[Opening INPUT MATERIAL section]
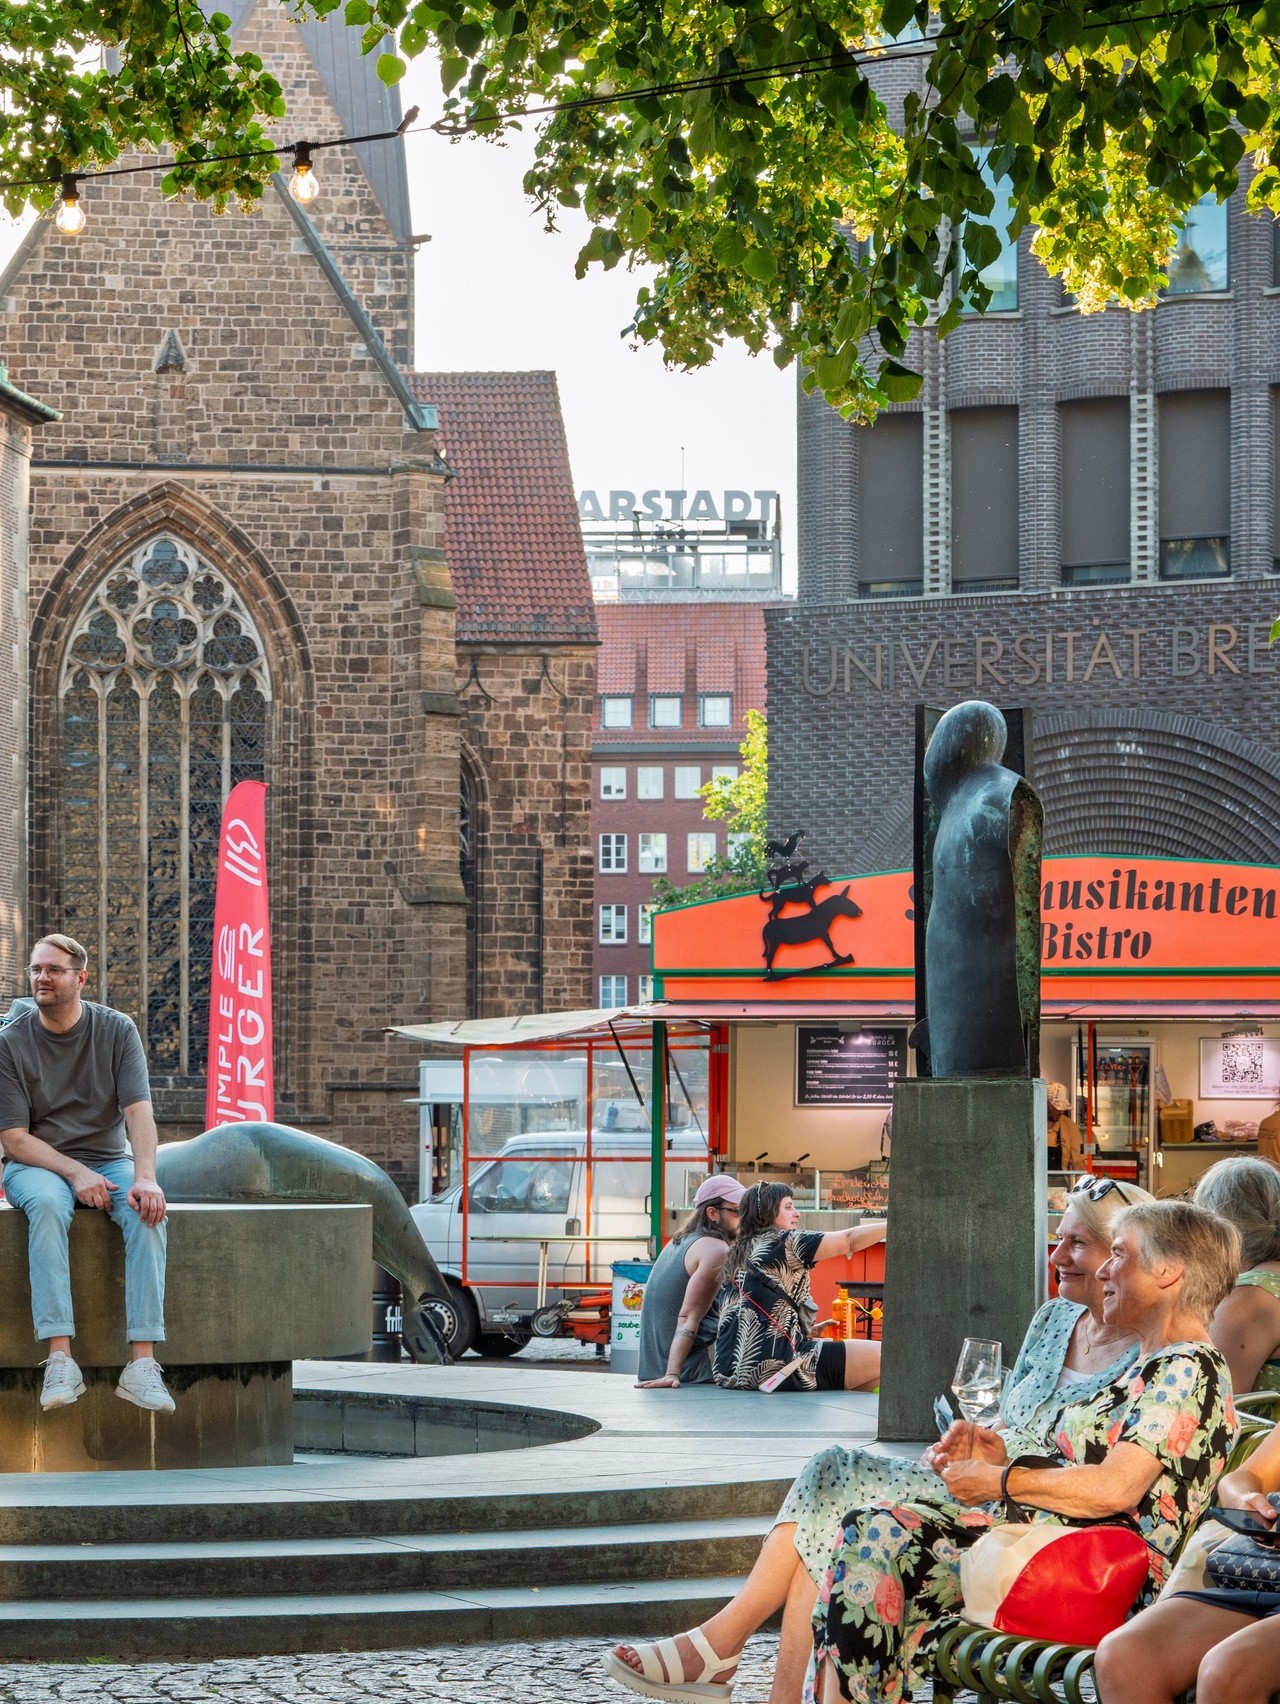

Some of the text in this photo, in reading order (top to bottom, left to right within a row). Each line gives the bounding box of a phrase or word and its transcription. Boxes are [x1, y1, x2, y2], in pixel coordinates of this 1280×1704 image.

[578, 490, 777, 520] ARSTADT
[803, 618, 1148, 696] UNIVERSITÄT
[1040, 922, 1152, 960] Bistro
[236, 922, 268, 1122] URGER
[216, 994, 246, 1125] IMPLE
[618, 1321, 640, 1329] saube
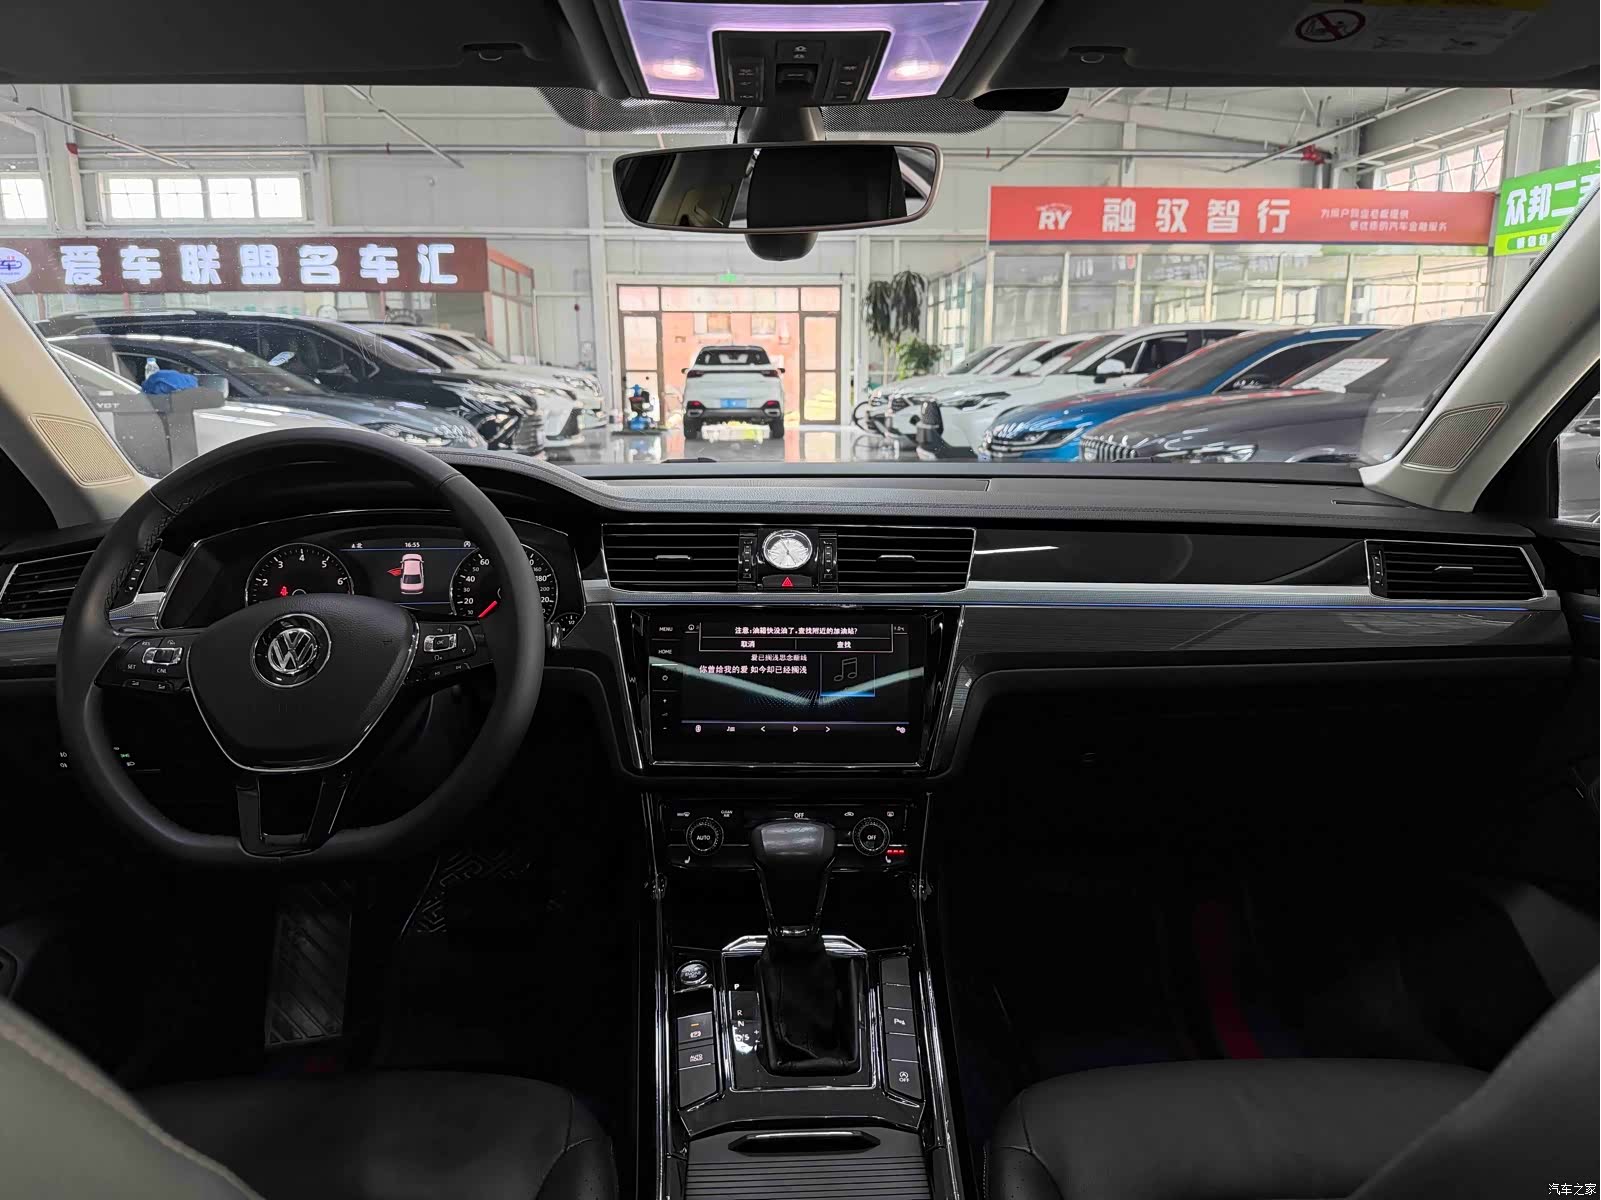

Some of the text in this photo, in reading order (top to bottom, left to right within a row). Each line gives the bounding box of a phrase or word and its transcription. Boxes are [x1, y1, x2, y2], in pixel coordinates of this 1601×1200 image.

[1101, 198, 1291, 234] 融驭智行
[60, 244, 459, 286] 爱车联盟名车汇
[277, 561, 284, 569] 3
[321, 560, 328, 568] 5
[337, 577, 344, 585] 6
[740, 640, 755, 648] 取消
[836, 641, 851, 649] 查找
[699, 665, 808, 675] 你曾给我的爱 如今却已经搁浅
[Closing INPUT MATERIAL section]
■ YOUR GOAL ■
Please make an exact copy of the lines from the one holding "this 1601×1200 image." through the final line of the records above, nothing more.

■ WRITTEN RESPONSE ■
Some of the text in this photo, in reading order (top to bottom, left to right within a row). Each line gives the bounding box of a phrase or word and its transcription. Boxes are [x1, y1, x2, y2], in pixel coordinates of this 1601×1200 image.

[1101, 198, 1291, 234] 融驭智行
[60, 244, 459, 286] 爱车联盟名车汇
[277, 561, 284, 569] 3
[321, 560, 328, 568] 5
[337, 577, 344, 585] 6
[740, 640, 755, 648] 取消
[836, 641, 851, 649] 查找
[699, 665, 808, 675] 你曾给我的爱 如今却已经搁浅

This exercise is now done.